2. Betsy is interested in predicting how many 75-year-olds will develop Alzheimer’s disease and is using predictors level of education and general physical health graded on a scale from 1 to 10. But she is interested in using other predictor variables as well. Answer the following questions.
a. What criteria should she use in the selection of other predictors?
b. Name two other predictors that you think might be related to the development of Alzheimer’s disease.
c. With the four predictor variables (level of education and general physical health, and the two new ones that you named), draw out what the model of the regression equation would look like.

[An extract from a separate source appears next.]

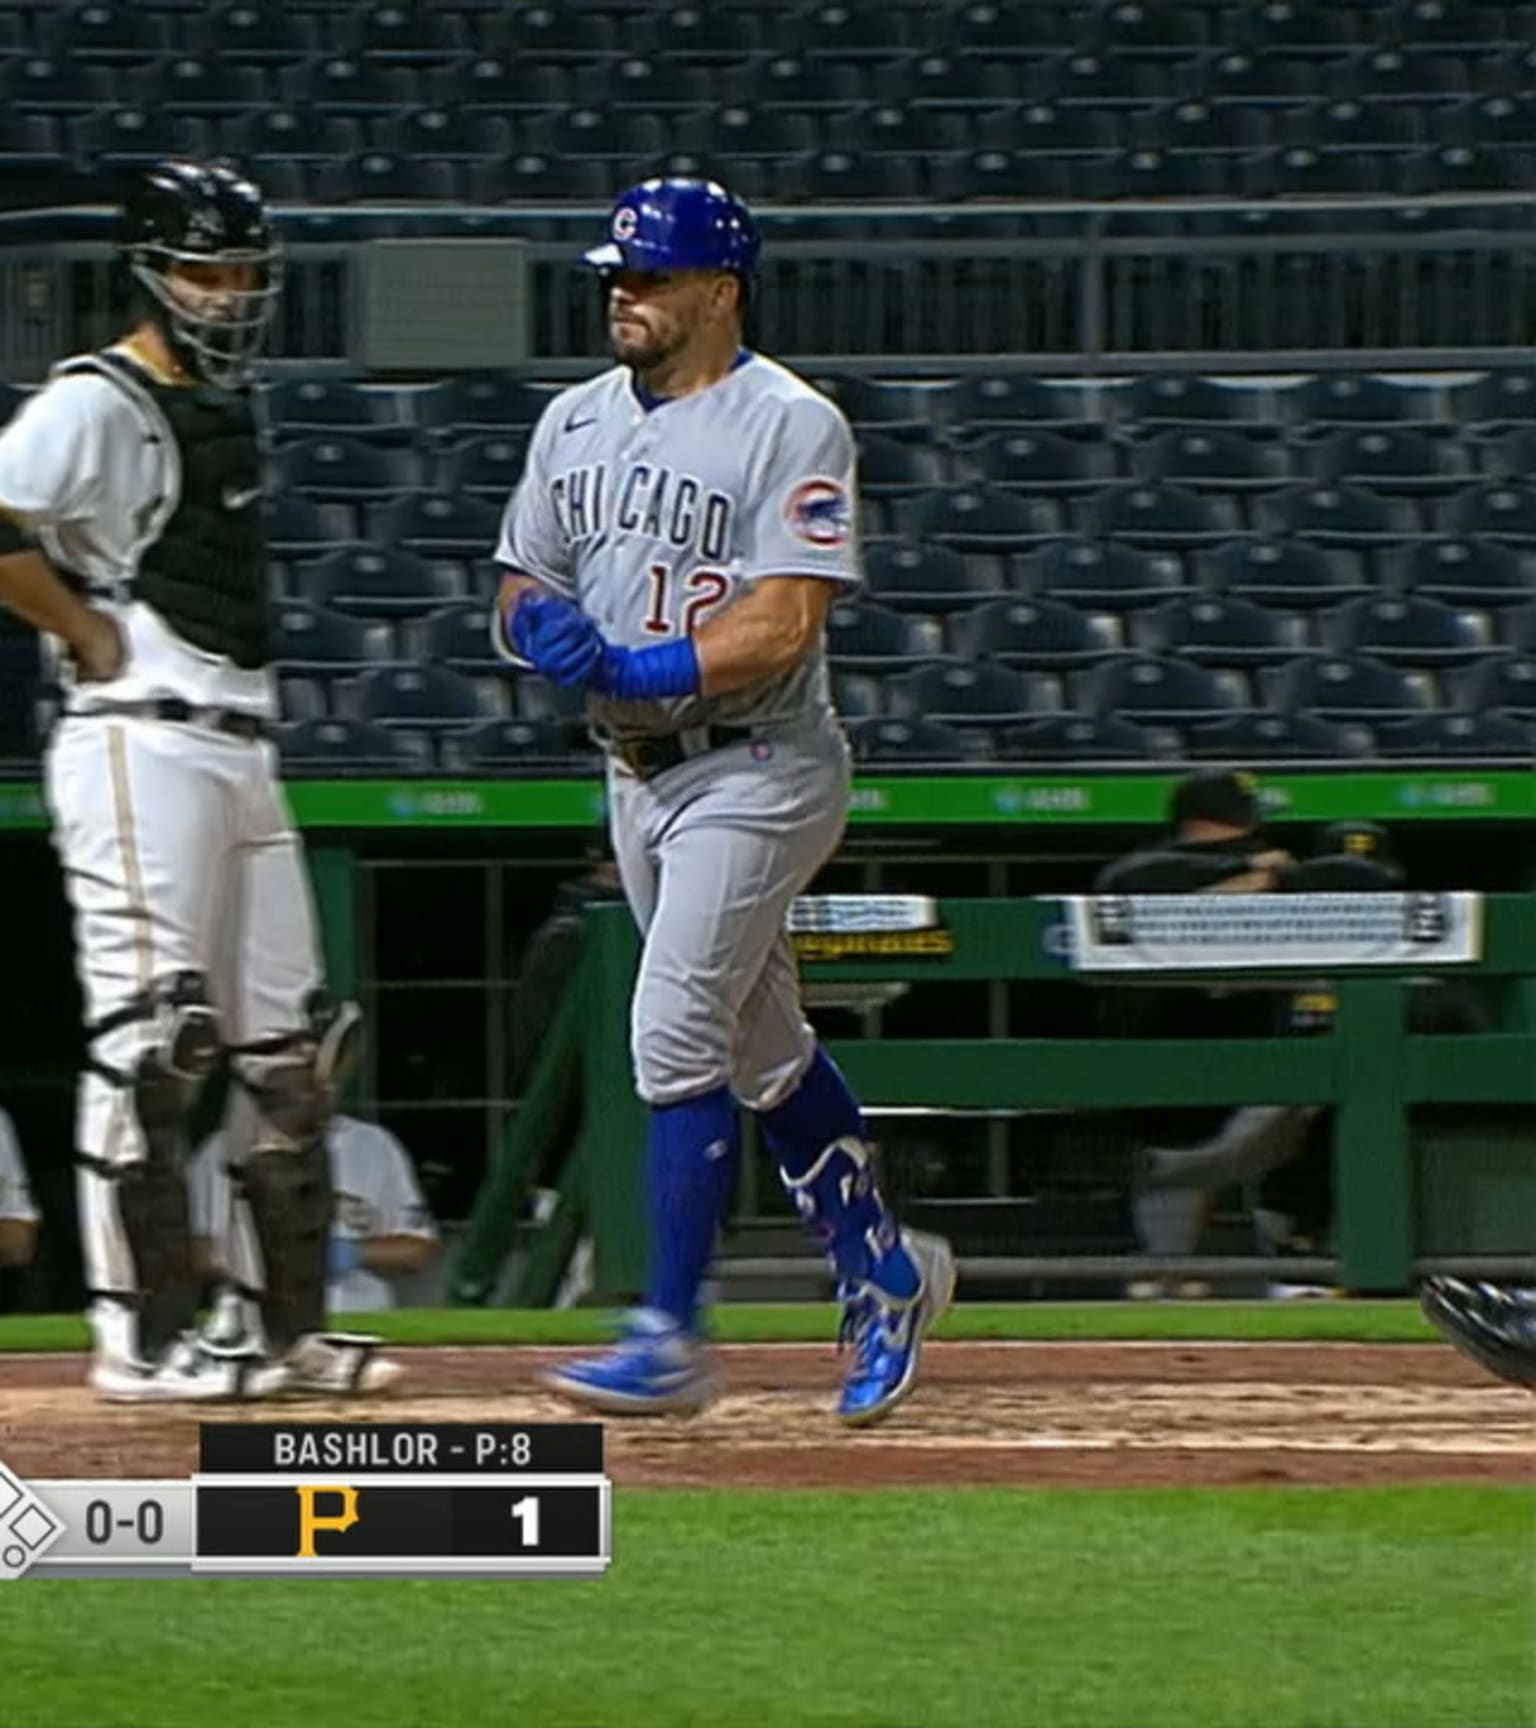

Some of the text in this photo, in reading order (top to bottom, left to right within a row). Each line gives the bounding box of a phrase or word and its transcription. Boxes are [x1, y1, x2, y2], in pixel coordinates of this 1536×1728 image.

[613, 207, 638, 241] C
[551, 463, 734, 562] CHICAGO
[642, 563, 731, 636] 12
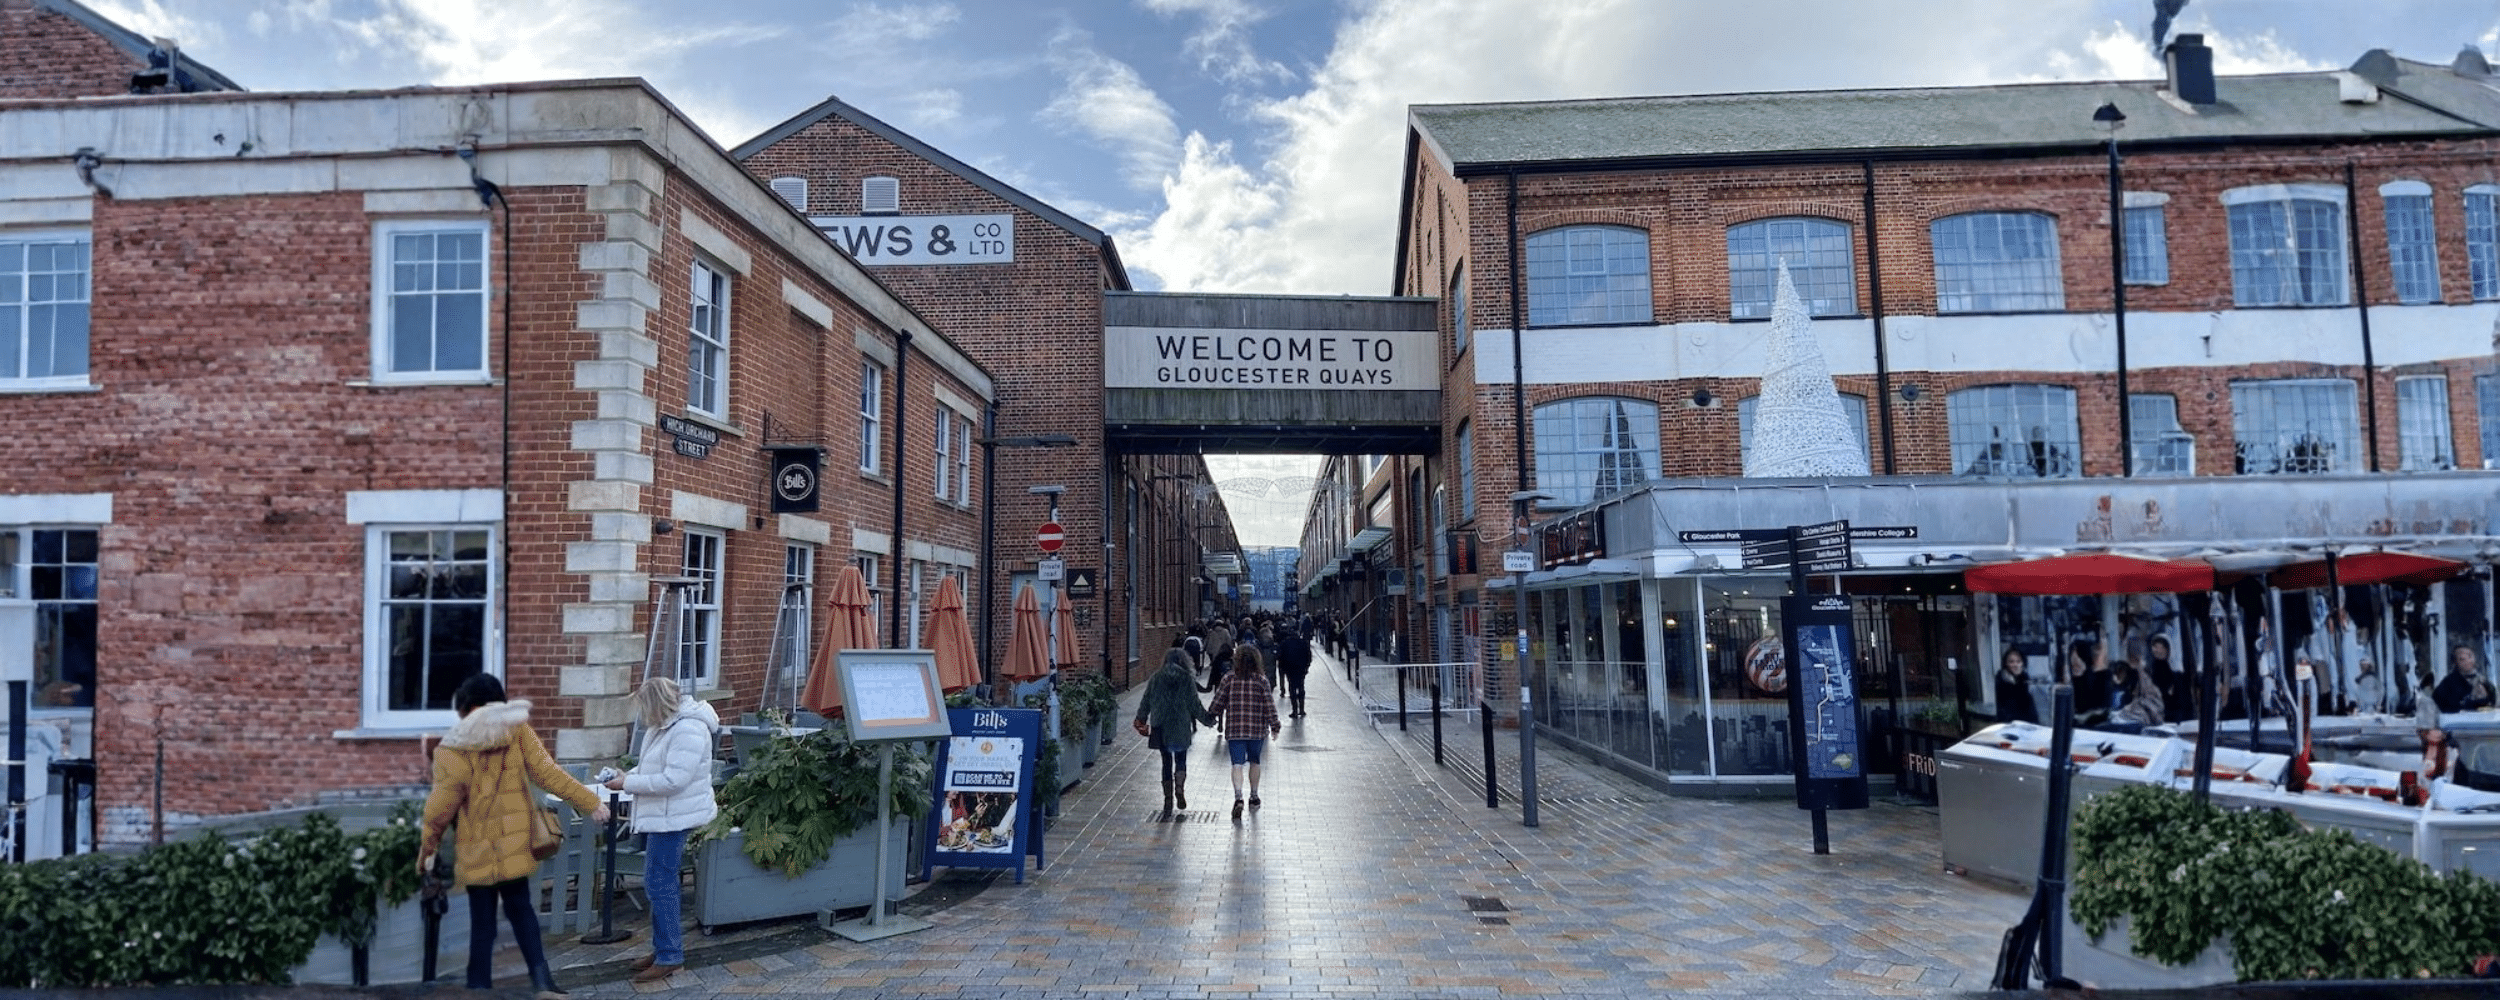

3. Go to the library and locate three different examples of where linear regression was used in a research study in your area of interest. It’s OK if the study contains more than one predictor variable. Answer the following questions for each study.
Heathcote, J.A. (1995) Why do old men have big ears? British Medical Journal 311, 1668
Taylor CE, Jones H., Blood pressure status and post-exercise hypotension: an example of spurious correlation in hypertension research?
Mehrad J., Goltaji M. Correlation between Journal self-citation and Impact factor in ISC’s PJCR Agriculture and Veterinary Science Journals during 2001-2007
a. What is one independent variable? What is the dependent variable?
b. If there is more than one independent variable, what argument does the researcher make that these variables are independent from one another?
c. Which of the three studies seems to present the least convincing evidence that the dependent variable is predicted by the independent variable, and why?